This can be done by counting the odd rows containing 'Auto' and the even rows containing 'Productive'. The sequence ends at the MAX(ID) where State = 'Productive' and both counts equal half the running total row count.

Once you have that, you can partition the data into two parts at that point, performing a grouping and aggregation on the first part and then UNION ALL that with the unmodified second part.

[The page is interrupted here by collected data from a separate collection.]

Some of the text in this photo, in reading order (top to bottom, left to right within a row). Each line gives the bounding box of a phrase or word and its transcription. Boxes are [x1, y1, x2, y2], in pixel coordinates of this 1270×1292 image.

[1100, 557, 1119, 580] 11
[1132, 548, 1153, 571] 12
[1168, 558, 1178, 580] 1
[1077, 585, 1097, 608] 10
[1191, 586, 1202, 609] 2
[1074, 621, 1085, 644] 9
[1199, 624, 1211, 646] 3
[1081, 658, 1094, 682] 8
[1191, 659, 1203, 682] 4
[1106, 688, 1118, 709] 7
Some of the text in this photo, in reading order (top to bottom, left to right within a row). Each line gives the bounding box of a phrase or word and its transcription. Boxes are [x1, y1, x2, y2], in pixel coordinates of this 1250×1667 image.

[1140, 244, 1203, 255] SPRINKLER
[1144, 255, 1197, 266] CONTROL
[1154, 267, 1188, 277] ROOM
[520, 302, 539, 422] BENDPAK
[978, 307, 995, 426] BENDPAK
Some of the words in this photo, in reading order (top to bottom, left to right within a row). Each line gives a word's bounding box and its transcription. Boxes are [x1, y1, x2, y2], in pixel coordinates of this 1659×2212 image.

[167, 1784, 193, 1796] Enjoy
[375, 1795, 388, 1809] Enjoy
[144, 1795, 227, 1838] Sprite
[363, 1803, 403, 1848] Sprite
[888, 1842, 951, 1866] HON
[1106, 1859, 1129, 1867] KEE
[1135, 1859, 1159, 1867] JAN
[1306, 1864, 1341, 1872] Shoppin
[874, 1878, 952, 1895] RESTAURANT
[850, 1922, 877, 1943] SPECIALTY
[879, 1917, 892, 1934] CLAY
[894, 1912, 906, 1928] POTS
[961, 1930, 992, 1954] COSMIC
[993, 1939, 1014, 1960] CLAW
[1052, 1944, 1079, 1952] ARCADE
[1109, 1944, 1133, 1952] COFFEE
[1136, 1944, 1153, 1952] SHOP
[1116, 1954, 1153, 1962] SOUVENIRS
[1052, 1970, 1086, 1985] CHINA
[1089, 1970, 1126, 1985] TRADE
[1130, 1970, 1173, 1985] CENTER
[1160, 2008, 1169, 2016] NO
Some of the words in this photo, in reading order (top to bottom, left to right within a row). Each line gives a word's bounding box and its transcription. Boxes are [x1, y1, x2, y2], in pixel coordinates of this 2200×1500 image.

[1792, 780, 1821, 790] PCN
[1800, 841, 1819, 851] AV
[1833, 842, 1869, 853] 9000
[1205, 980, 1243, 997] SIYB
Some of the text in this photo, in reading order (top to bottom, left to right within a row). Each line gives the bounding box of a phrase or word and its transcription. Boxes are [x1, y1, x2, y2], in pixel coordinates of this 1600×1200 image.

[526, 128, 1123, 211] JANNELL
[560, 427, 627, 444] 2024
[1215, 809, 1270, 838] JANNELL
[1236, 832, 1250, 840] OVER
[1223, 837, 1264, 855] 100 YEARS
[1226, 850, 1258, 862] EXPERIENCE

The final step is define new ID values using ROW_NUMBER().

WITH Counts AS (
    SELECT
        *,
        COUNT(*) OVER(ORDER BY ID) AS TCount, -- Total running count
        COUNT(CASE WHEN ID % 2 = 1 AND State = 'Auto' THEN 1 END)
            OVER(ORDER BY ID) AS ACount,
        COUNT(CASE WHEN ID % 2 = 0 AND State = 'Productive' THEN 1 END)
            OVER(ORDER BY ID) AS PCount
    FROM Data
),
Cutoff AS (
    SELECT MAX(ID) AS ID
    FROM Counts
    WHERE State = 'Productive'
    AND ACount = TCount / 2
    AND PCount = TCount / 2
),
Combined AS (
    SELECT
        MIN(D.ID) AS OldID,
        MIN(Timestamp) AS Timestamp,
        SUM(Duration) AS Duration,
        State
    FROM Cutoff C
    JOIN Data D
        ON D.ID <= C.ID
    GROUP BY State

    UNION ALL

    SELECT D.ID AS OldId, Timestamp, Duration, State
    FROM Cutoff C
    JOIN Data D
        ON D.ID > C.ID
)
SELECT
    ROW_NUMBER() OVER(ORDER BY OldID) AS ID,
    Timestamp, Duration, State
FROM Combined
ORDER BY ID DESC

If the source ID values are not guaranteed to be sequential starting at 1, you can add an extra CTE at the start to number the source data.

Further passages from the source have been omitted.